_Task statement_
Taking the entries below, transcribe only the lines starting with the one with "this 1920×1440 image." and going on through the one with "this 1600×1064 image.", exactly as written, without the pictures.

_Data excerpts_
————————

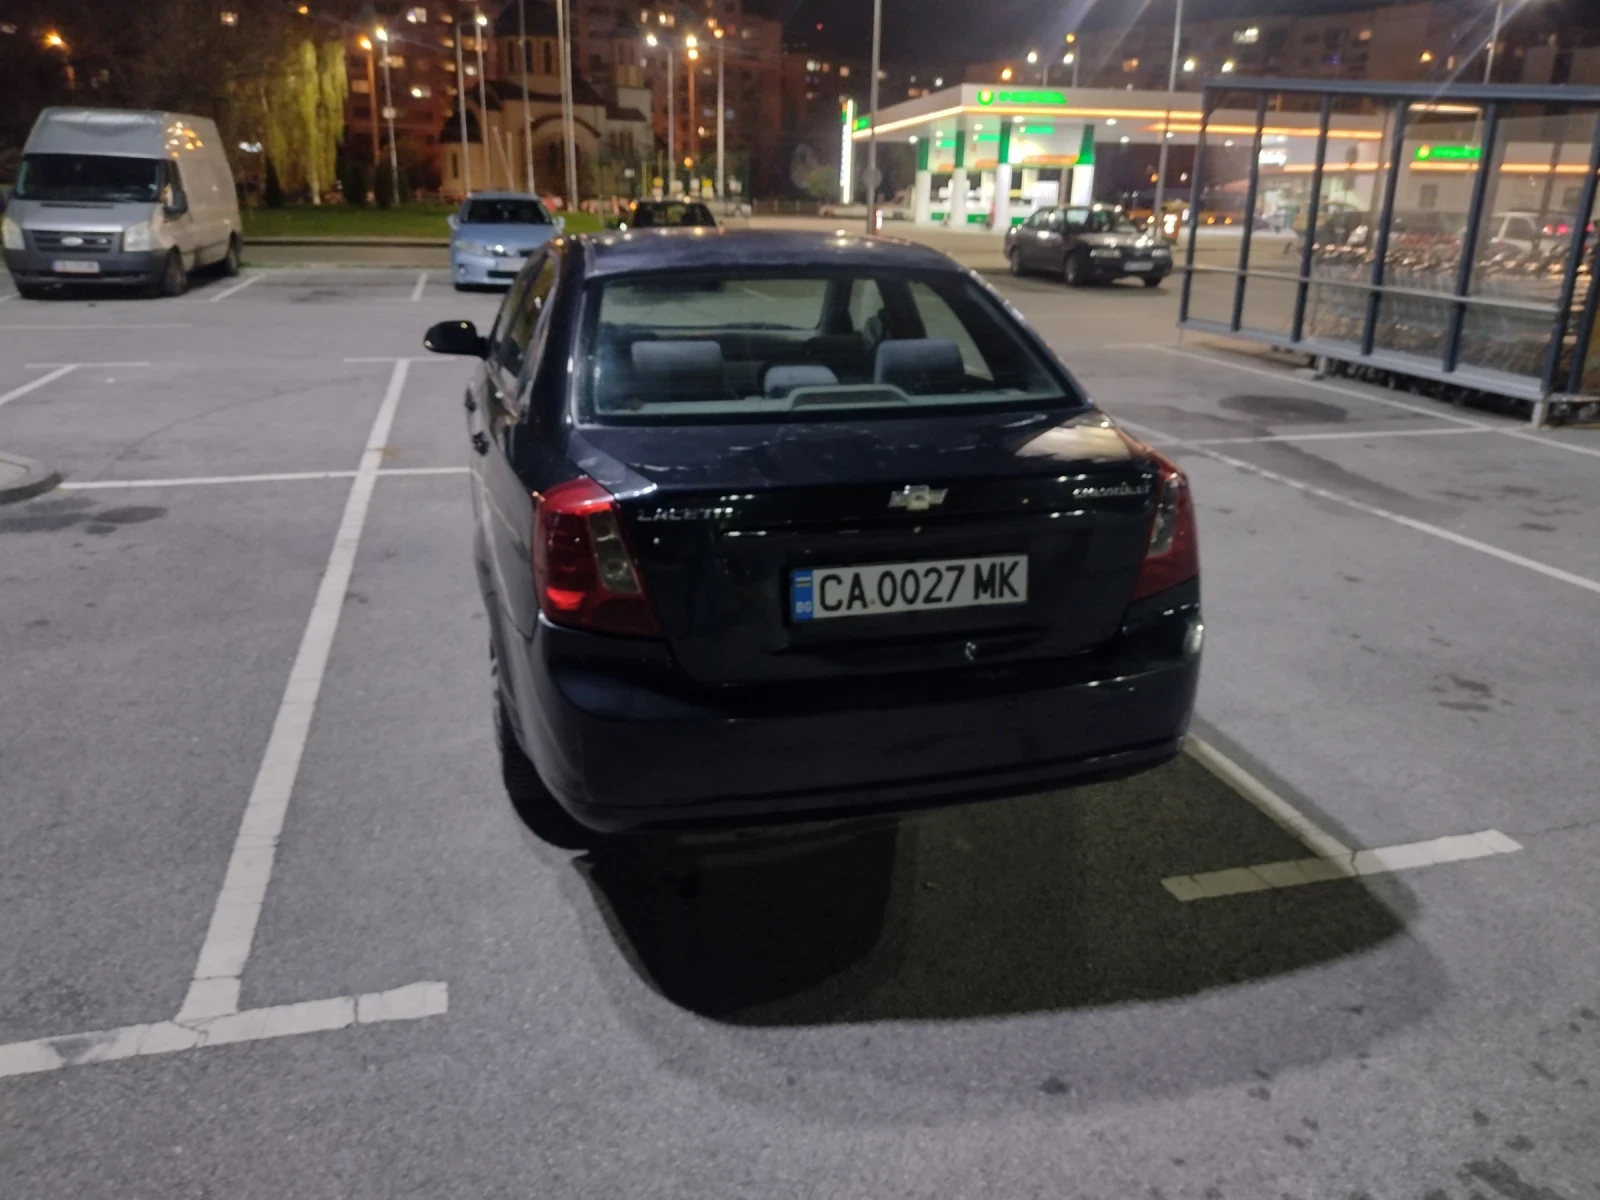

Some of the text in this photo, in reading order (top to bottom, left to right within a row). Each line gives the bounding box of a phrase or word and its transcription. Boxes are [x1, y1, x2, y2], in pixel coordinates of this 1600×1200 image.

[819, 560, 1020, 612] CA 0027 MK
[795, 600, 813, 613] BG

————————

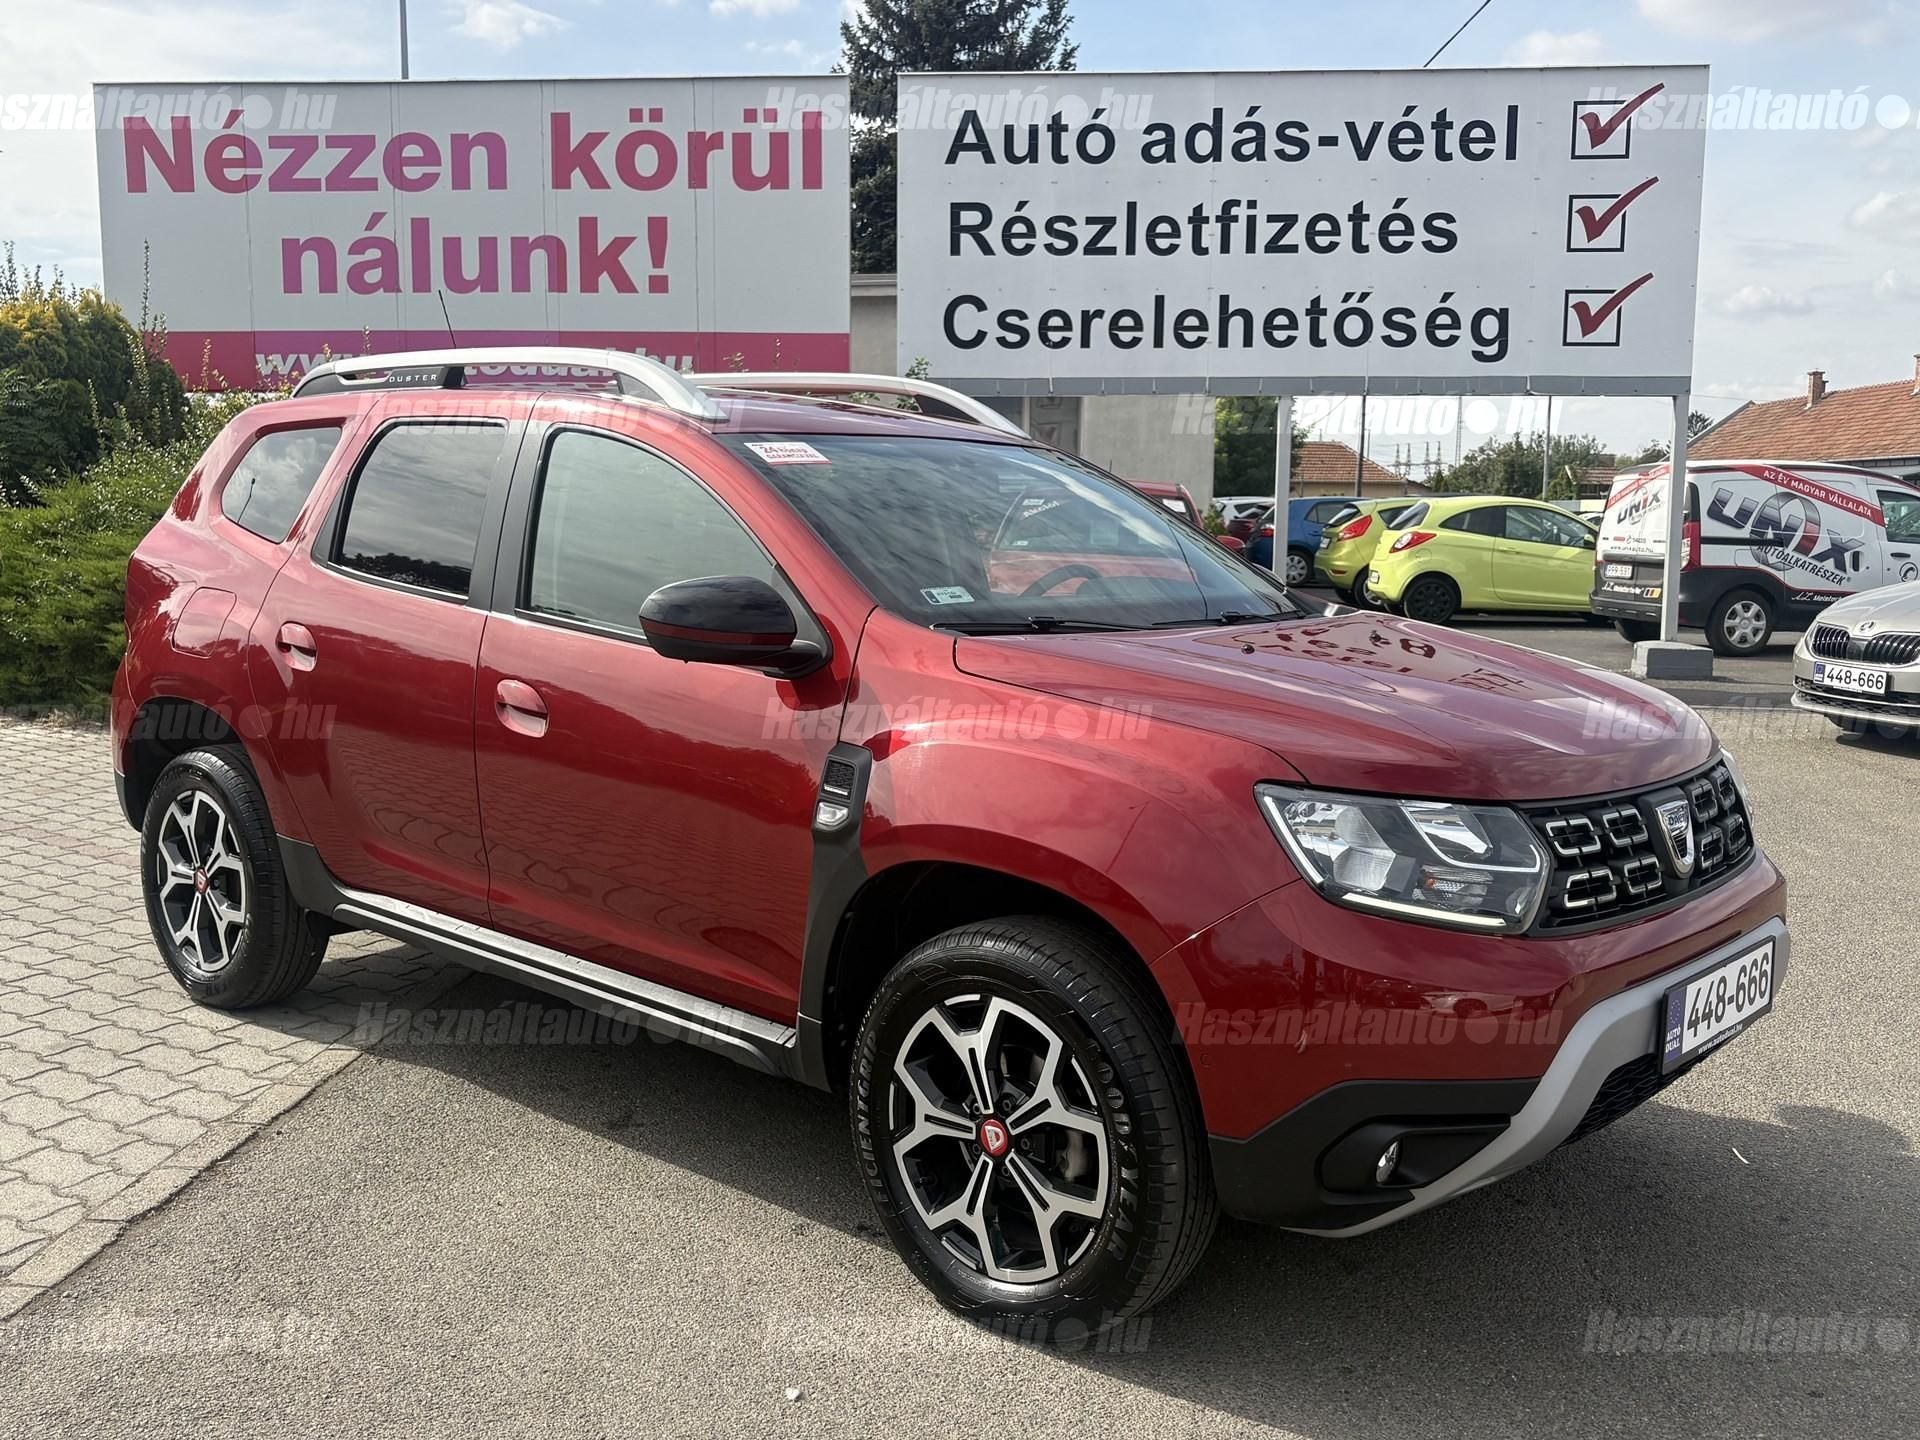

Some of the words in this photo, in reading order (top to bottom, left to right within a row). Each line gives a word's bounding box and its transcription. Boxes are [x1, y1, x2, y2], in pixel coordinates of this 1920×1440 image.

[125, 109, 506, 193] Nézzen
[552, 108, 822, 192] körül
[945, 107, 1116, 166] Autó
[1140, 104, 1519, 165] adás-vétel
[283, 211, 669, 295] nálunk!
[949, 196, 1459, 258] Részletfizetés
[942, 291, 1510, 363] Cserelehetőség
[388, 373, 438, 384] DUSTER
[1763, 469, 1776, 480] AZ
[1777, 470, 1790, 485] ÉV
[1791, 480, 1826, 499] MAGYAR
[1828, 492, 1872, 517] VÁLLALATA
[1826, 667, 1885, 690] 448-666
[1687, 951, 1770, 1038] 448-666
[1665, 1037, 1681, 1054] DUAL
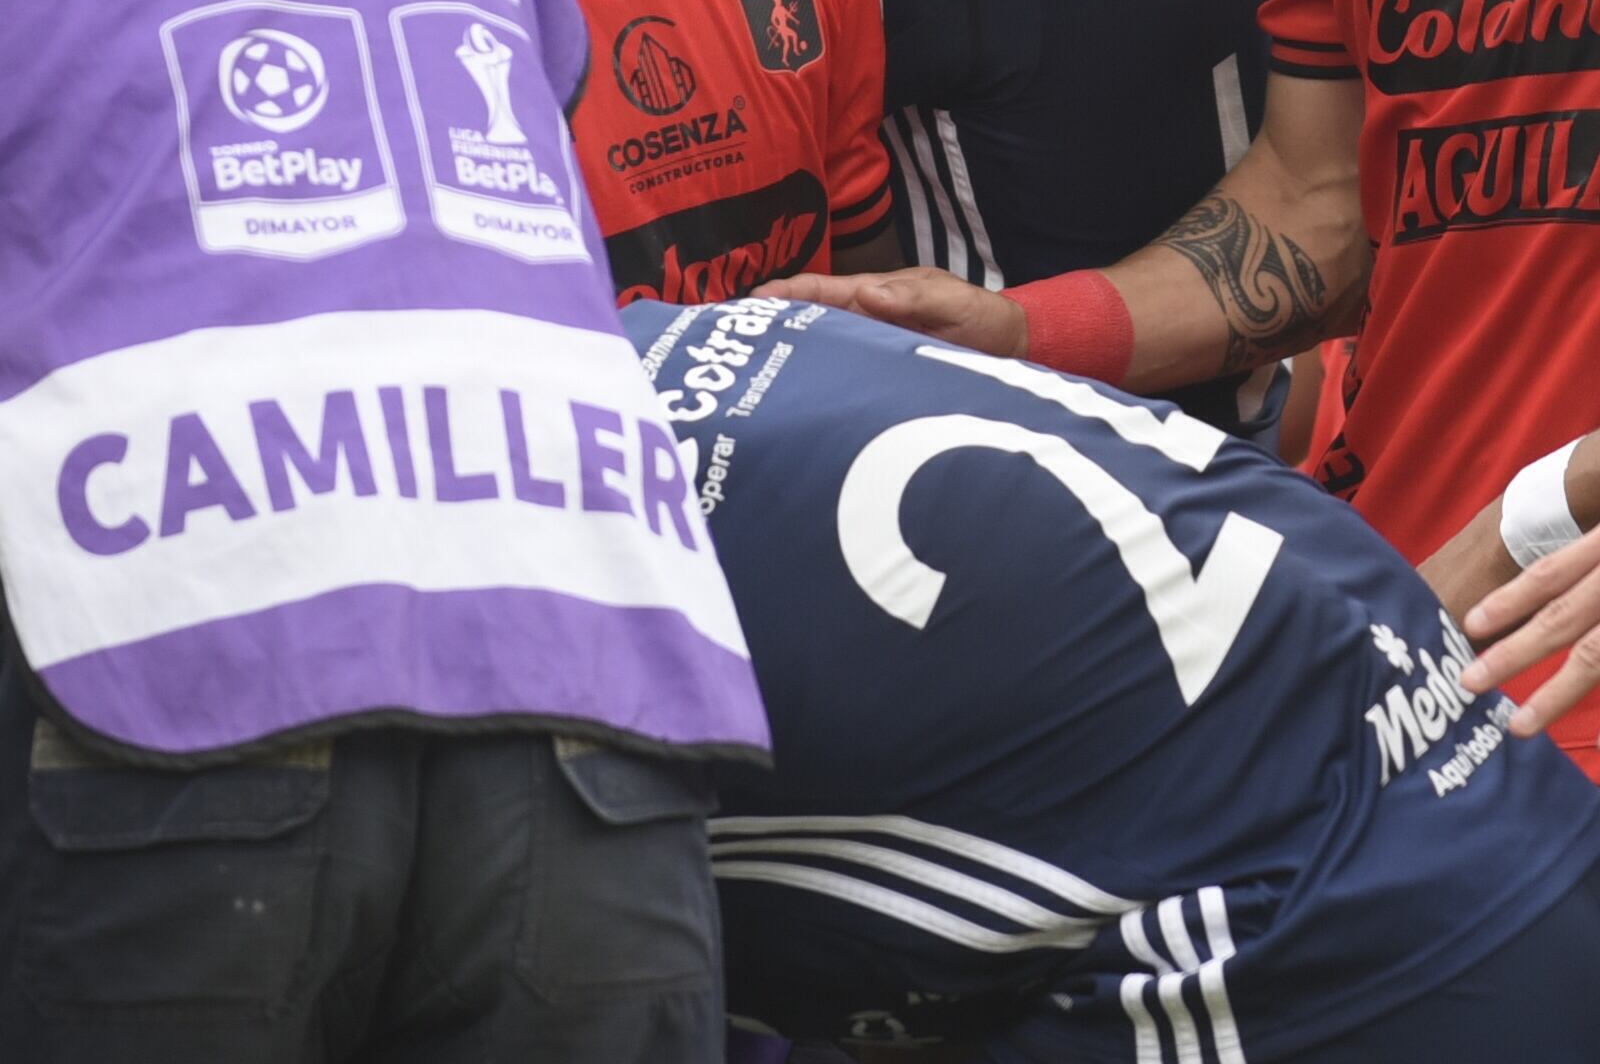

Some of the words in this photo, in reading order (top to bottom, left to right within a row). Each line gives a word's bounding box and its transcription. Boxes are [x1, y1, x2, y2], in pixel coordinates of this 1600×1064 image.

————————

_Worked solution_
Some of the words in this photo, in reading order (top to bottom, left to right within a row). Each line gives a word's bounding box and its transcription. Boxes are [x1, y1, x2, y2], in pixel coordinates of this 1920×1440 image.

[125, 109, 506, 193] Nézzen
[552, 108, 822, 192] körül
[945, 107, 1116, 166] Autó
[1140, 104, 1519, 165] adás-vétel
[283, 211, 669, 295] nálunk!
[949, 196, 1459, 258] Részletfizetés
[942, 291, 1510, 363] Cserelehetőség
[388, 373, 438, 384] DUSTER
[1763, 469, 1776, 480] AZ
[1777, 470, 1790, 485] ÉV
[1791, 480, 1826, 499] MAGYAR
[1828, 492, 1872, 517] VÁLLALATA
[1826, 667, 1885, 690] 448-666
[1687, 951, 1770, 1038] 448-666
[1665, 1037, 1681, 1054] DUAL

Some of the words in this photo, in reading order (top to bottom, left to right within a row). Each line gives a word's bounding box and its transcription. Boxes are [x1, y1, x2, y2], in pixel coordinates of this 1600×1064 image.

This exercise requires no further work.